そこにこの人を「なんとかしてあげよう」とか「どうにかしてあげよう」と自分の
考えが交じるとかえってその人を行き詰まらさせてしまいかねません。
 それより、自分の心を何でも映し出す明鏡のようにしてその人のことを
よくわかってあげることが大事であります。それが一番の慈悲なのではないかと
思います。

2011年10月16日

訳ありキュウリ

10月16日(日)
 管長様が土日坐禅会で提唱されたことをまとめてみました。
 先日、ある人から「今日の環境問題をどうがんがえますか?」と
尋ねられました。環境問題というと自分と外の世界を分けて考えていますから
禪的には、環境と言った時点で間違いであります。
何のことでも引き起こしたものはなんであるか? 
問題はなんであるか?というと自分の心であると思わざるを
得ないのであります。自己の問題と受け止めなければ、環境を
どうしようと騒いだところで何にもなりません。
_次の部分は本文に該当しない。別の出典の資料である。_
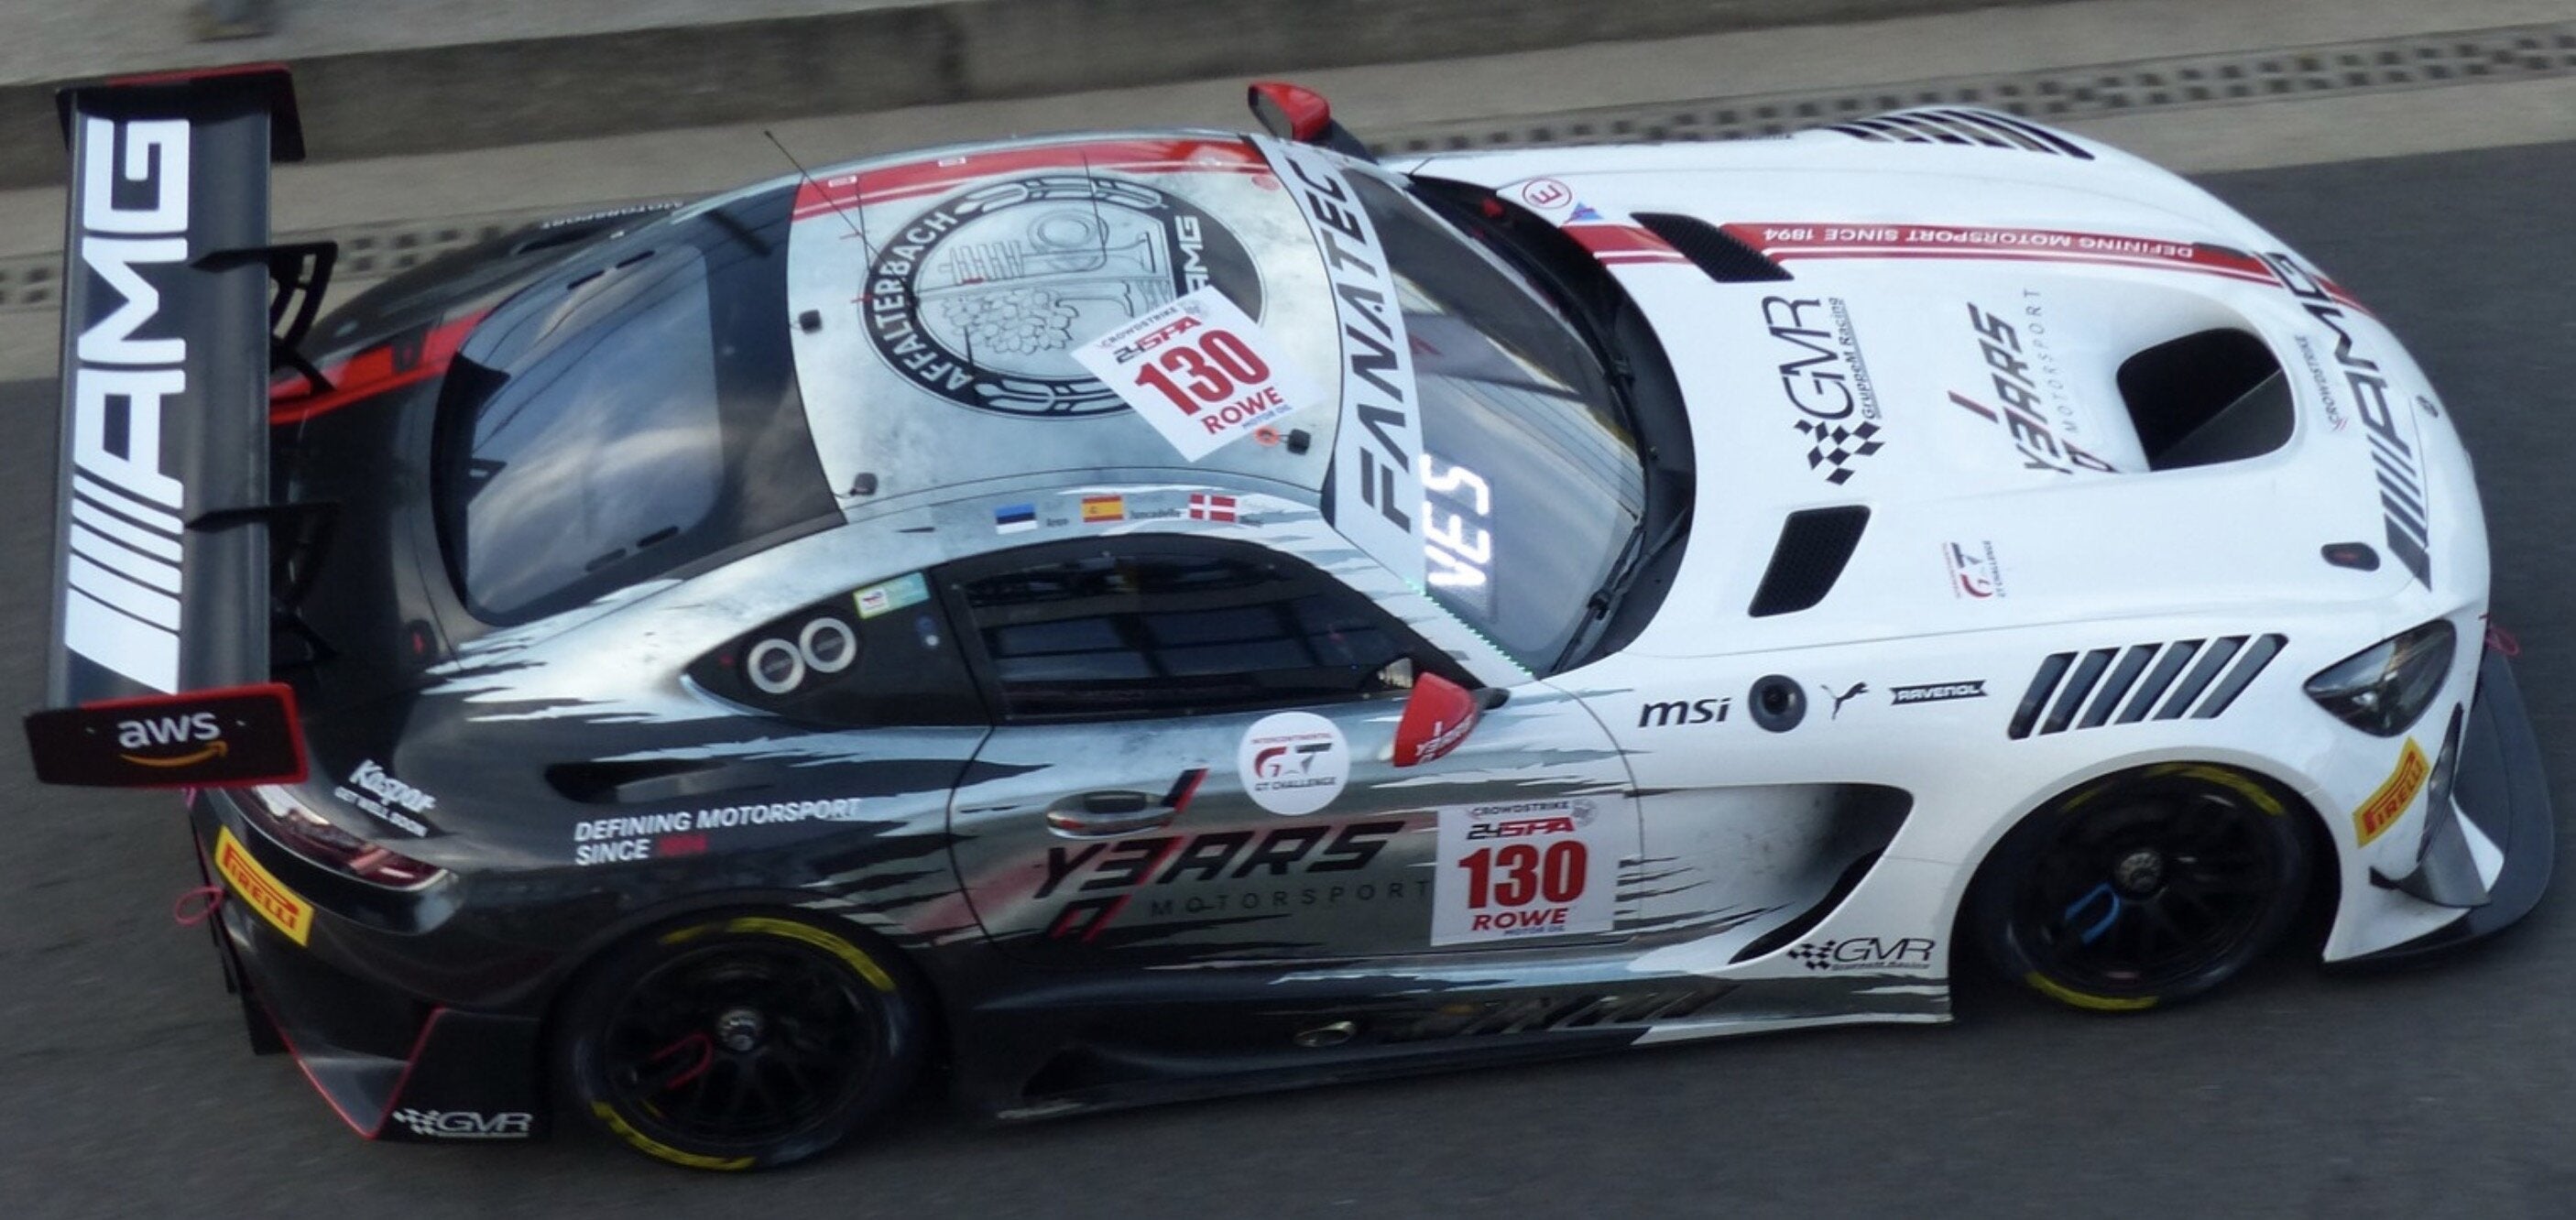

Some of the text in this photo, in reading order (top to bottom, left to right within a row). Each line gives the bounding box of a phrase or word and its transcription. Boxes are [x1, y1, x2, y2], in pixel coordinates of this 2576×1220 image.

人の心がこういう
環境問題を作り出しているのだとものの見方を変える必要が
あります。
 今日、我々の価値観は、少しでもキレイなもの、かたちがそろったもの、
手のかからないもの、早いもの、便利で楽なもの等、そういう方向ばかりを
追求した結果、現在のような問題が起こっているのではないでしょうか。
 自然の世界は、きたなく、ぶざまで、不釣り合いであります。昔のトイレの
ようにくさいのが自然であります。
 最近では、曲がっているキュウリを「訳ありキュウリ」と呼んでいるそうですが
私から言わせれば、まっすぐできれいで、つやつやで全く虫がつかないキュウリの
方が「訳あり」であります。ゆがんで、虫が食ったキュウリの方がよっぽど
自然のキュウリであります。
 ゆがんだキュウリを「訳ありキュウリ」というそういう価値観を改めて
いかなければならないと思うのであります。
 自分と環境が分かれているということはありはしない。
みんな一枚の自然なのです!
 あいつが悪い!あいつがけしからん!というどんな争いでも
もとをただせば、全部、人我の争いであります。我をたてて争う
のであります。我のない所にどうして争いが起こりますか?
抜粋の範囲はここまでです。